Group psychotherapy can complement the relational work done in any 12-step program through the examination of improvement in the way you relate to and communicate with others.
Benefits of Group Therapy
Group therapy differs from individual therapy in important ways. Some unique benefits of group therapy include the following:
Examination of interpersonal problems or problems in relationships
Development of self-awareness about how you come across to other people, how others are affected by you, or why you have certain relationship patterns
Increased self-expression and the ability to work through your feelings with others
Ability to move beyond the benefits of individual therapy in the attainment of your goals
Opportunity to relate to others who share your particular concern
Attainment of new skills
Availability of lower-cost services
Why Group Therapy Works
Many psychologists and counselors have studied the factors contributing to a positive outcome in group therapy. Irving Yalom and Molyn Leszcz, in The Theory and Practice of Group Psychotherapy, outline the following therapeutic factors in group psychotherapy:
Universality: Members recognize that other group members share similar feelings, thoughts, and problems.
Altruism: Members experience a boost to their self-concept by extending help to other group members.
Instillation of hope: Members recognize that other group members’ success can be helpful, and they develop optimism for their own improvement.
Imparting information: Members benefit from the education and advice provided by the therapist or other group members.
Corrective recapitulation of primary family experience: Members have the opportunity to reenact critical family dynamics with other group members in a corrective manner.
Development of socializing techniques: The group provides members with an environment that fosters adaptive and effective communication.
Imitative behavior: Members expand their personal knowledge and skills through the observation of other group members’ self-exploration, working through, and personal development.
Cohesiveness: Members experience feelings of trust, belonging, and togetherness with other group members.
Existential factors: Members accept responsibility for their life decisions.

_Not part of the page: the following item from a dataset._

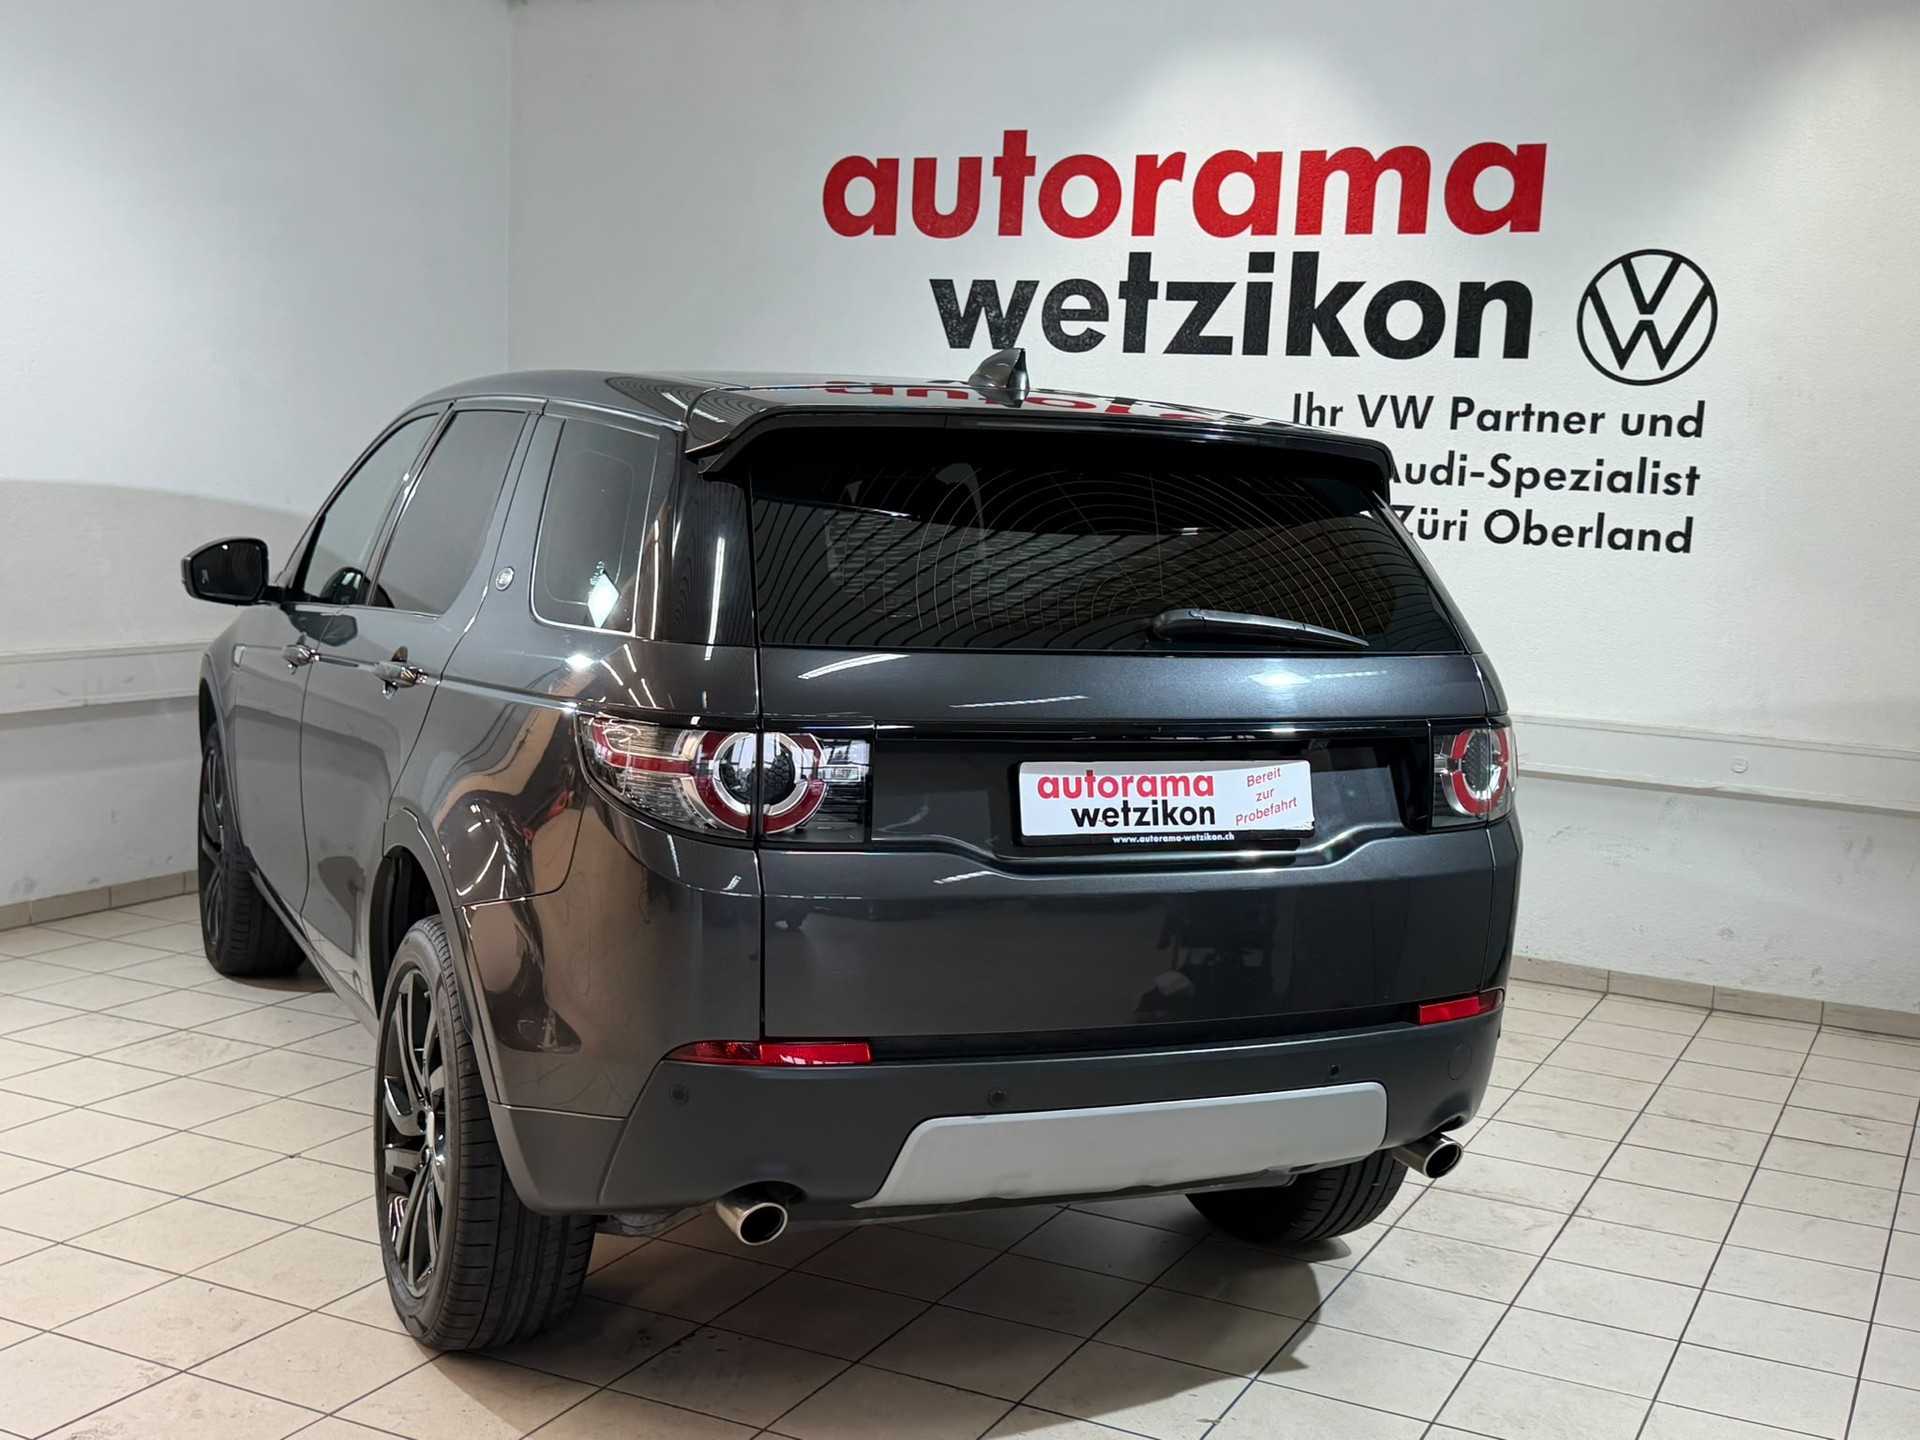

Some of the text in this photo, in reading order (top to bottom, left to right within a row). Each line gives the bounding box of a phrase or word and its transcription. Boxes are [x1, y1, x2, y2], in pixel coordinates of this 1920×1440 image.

Catharsis: Members release strong feelings about past or present experiences.
Interpersonal learning-input: Members gain personal insight about their interpersonal impact through feedback provided by other group members.
Interpersonal learning-output: The group provides members with an environment that allows them to interact in a more adaptive manner.
Self-understanding: Members gain insight into the psychological motivation underlying behavior and emotional reactions.
Yalom and his colleagues studied these therapeutic factors by asking clients who had successfully completed group therapy what they found to be most helpful about the process. The clients in his studies reported the following factors to be most helpful (listed in order of importance):
Discovering and accepting previously unknown or unacceptable parts of myself.
Being able to say what was bothering me instead of holding it in.
Other members honestly telling me what they think of me.
Learning how to express my feelings.
The group’s teaching me about the type of impression I make on others.
Expressing negative and/or positive feelings toward another member.
Learning that I must take ultimate responsibility for the way I live no matter how much guidance and support I get from others.
Learning how I come across to others.
Seeing that others could reveal embarrassing things and take other risks and benefit from it helped me to do the same.
Feeling more trusting of groups and of other people.